That was what Carl would want to know. Barney was stone-faced and silent as he put distance between them and the bad guys, one eye already on the GPS tracker in the limousine. The onscreen map was shifting, stuttering southwesterly — away from them. Carl would want to talk, to quell his rampant panic with chatter; Barney would tell him to please be quiet.
Gunfire produces a surreal, accelerated state of mind, and the first rule is not to be seduced or distracted by the hyper-reality of metal projectiles whizzing through the air all around you, the noise, the muzzle flashes, ricochets and panicked confusion. You must envelop yourself in a pocket of calm deliberation that permits maximal safe evasion, target tracking, and optimum — not wasteful — return fire in order to neutralize the opponent’s capacity to kill you. The learned behaviors of firing scared, firing blind, or firing wounded cannot be acquired by advice or instruction; either you got it or you ain’t.
The people who had abducted Erica Ledbetter were businessmen in a cruel trade who no doubt thought of what they did as a brutal necessity in a harsh and unforgiving world. If they were good at what they did, they would not gratuitously sacrifice a revenue asset — Erica — for the sake of a macho gesture.

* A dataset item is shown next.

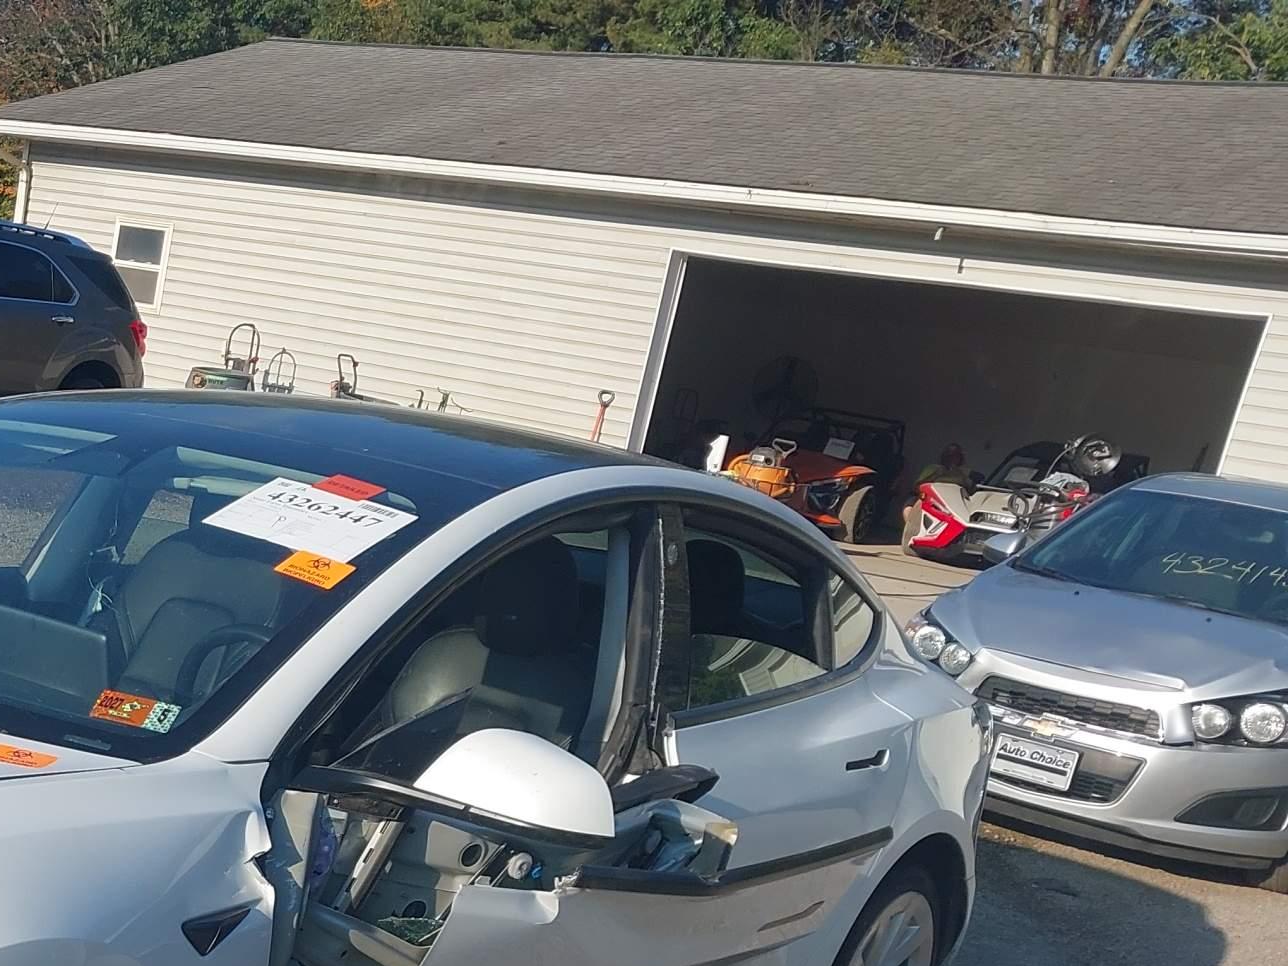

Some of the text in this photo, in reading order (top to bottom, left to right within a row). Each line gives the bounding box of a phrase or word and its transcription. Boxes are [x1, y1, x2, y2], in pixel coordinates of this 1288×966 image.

The kidnappers had never wanted an exchange at Rio Satanas, Erica for the cash. They had wanted an excuse to sweeten the pot. They had already known Barney was in play before he and Carl left their seedy hotel, so credit Estrella for sinking them even before they got to the river; Erica was probably miles away. Carl was to be told his desperate gambit — using Barney — had been hopeless. There was to be the requisite gunfire and shouted ultimata. It was designed to play that way so Carl, now more freaked out than ever, would eagerly agree to any solution, any carrot the bad guys offered, like doubling the ransom. Minimal effort, and the kidnappers win two-to-one.

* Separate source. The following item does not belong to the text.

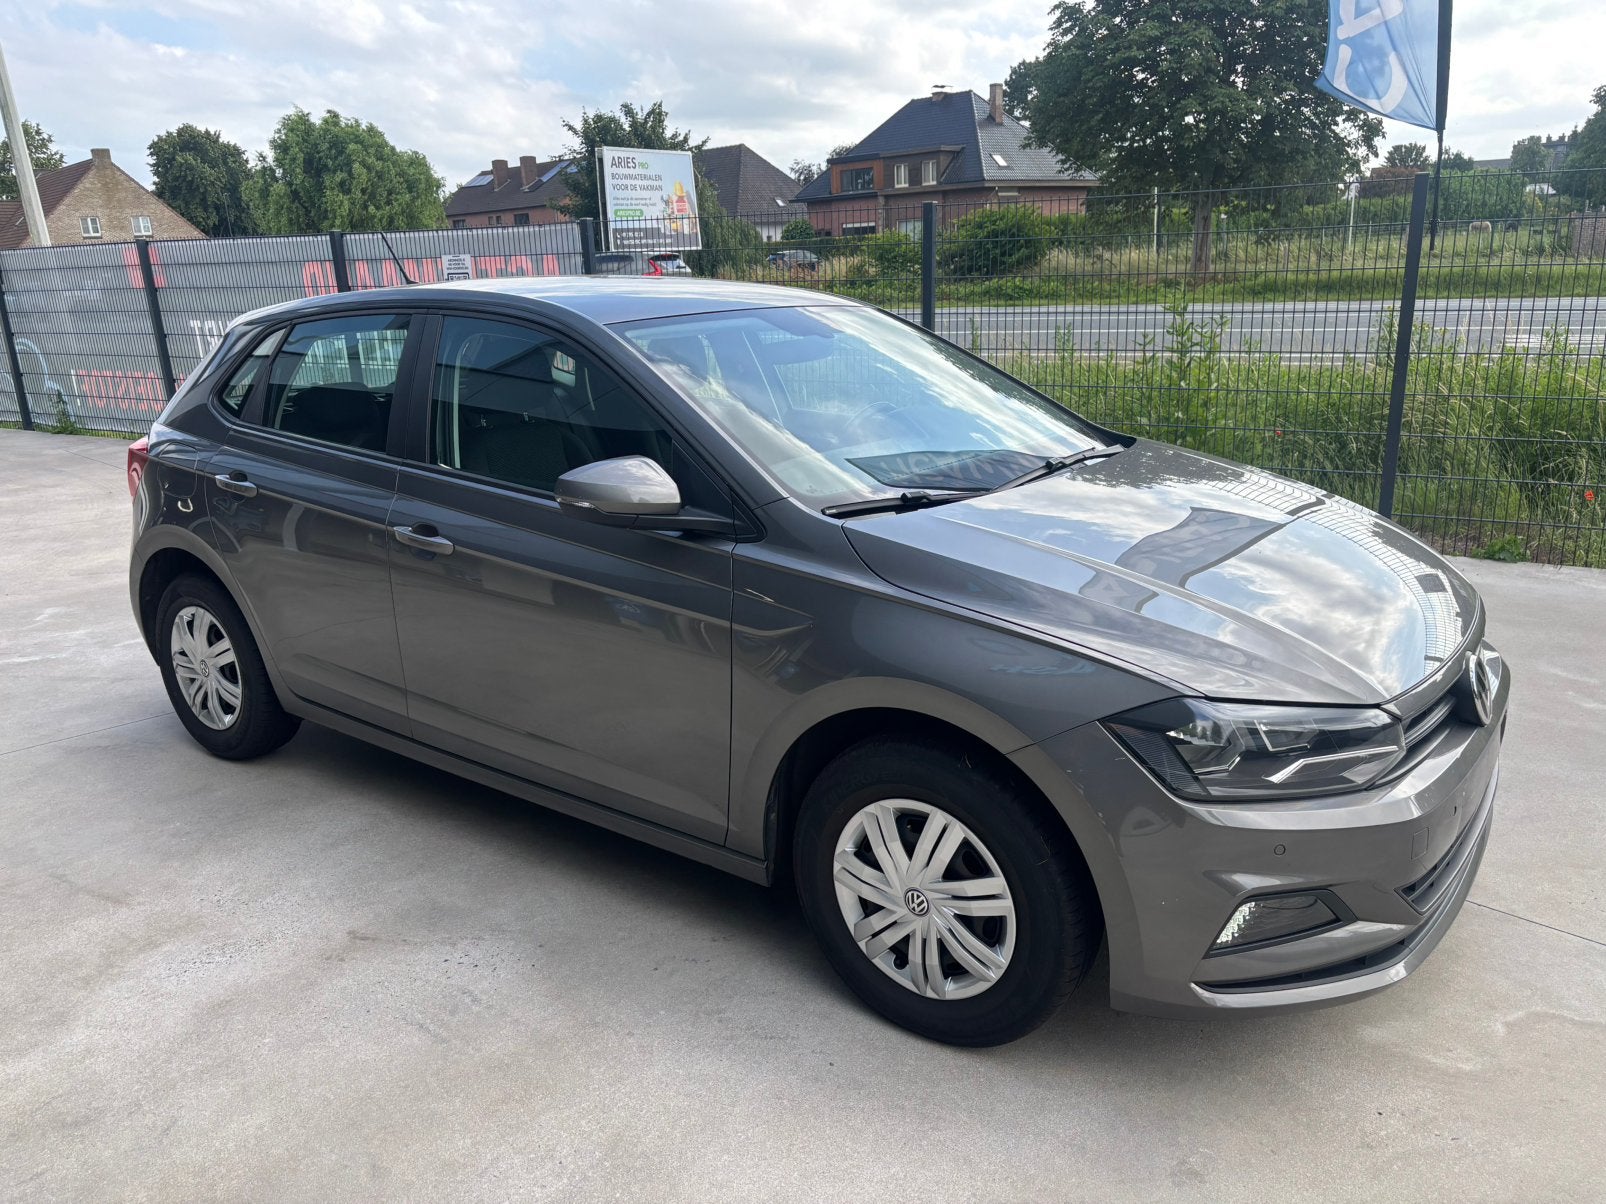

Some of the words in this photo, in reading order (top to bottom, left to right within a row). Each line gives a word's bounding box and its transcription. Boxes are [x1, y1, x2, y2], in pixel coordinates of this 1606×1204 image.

Which was why the only option had been to jab them, see who flinched, maybe score a drop of blood in payback. It had all happened very quickly, and the exchange seemed to have soldiered Carl up. He had dropped back into combat mode, heeding the incoming fire, grabbing their hostage, tossing Barney the MP5, not pointing the muzzle at Barney or himself.
Maybe that was why Carl was being unaccountably quiet right now.
Barney’s own return to combat mode had come much earlier. It had surged back instantaneously like a good cocaine bump to his bloodstream. It was all foregone the moment he saw the bridge. Flooring that pedal was as natural for Barney as hitting the brake would be for an ordinary human with a toddler in their path. You either got it or you ain’t, and Barney owned it.
He could feel his heartbeat. He was
Now all he had to do was figure out a way to tell Carl that his saucy little friend Estrella was working for the bad guys.
“He’s awake,” Carl said from the back of the car.
“The bag has stopped,” Barney said, watching the GPS screen.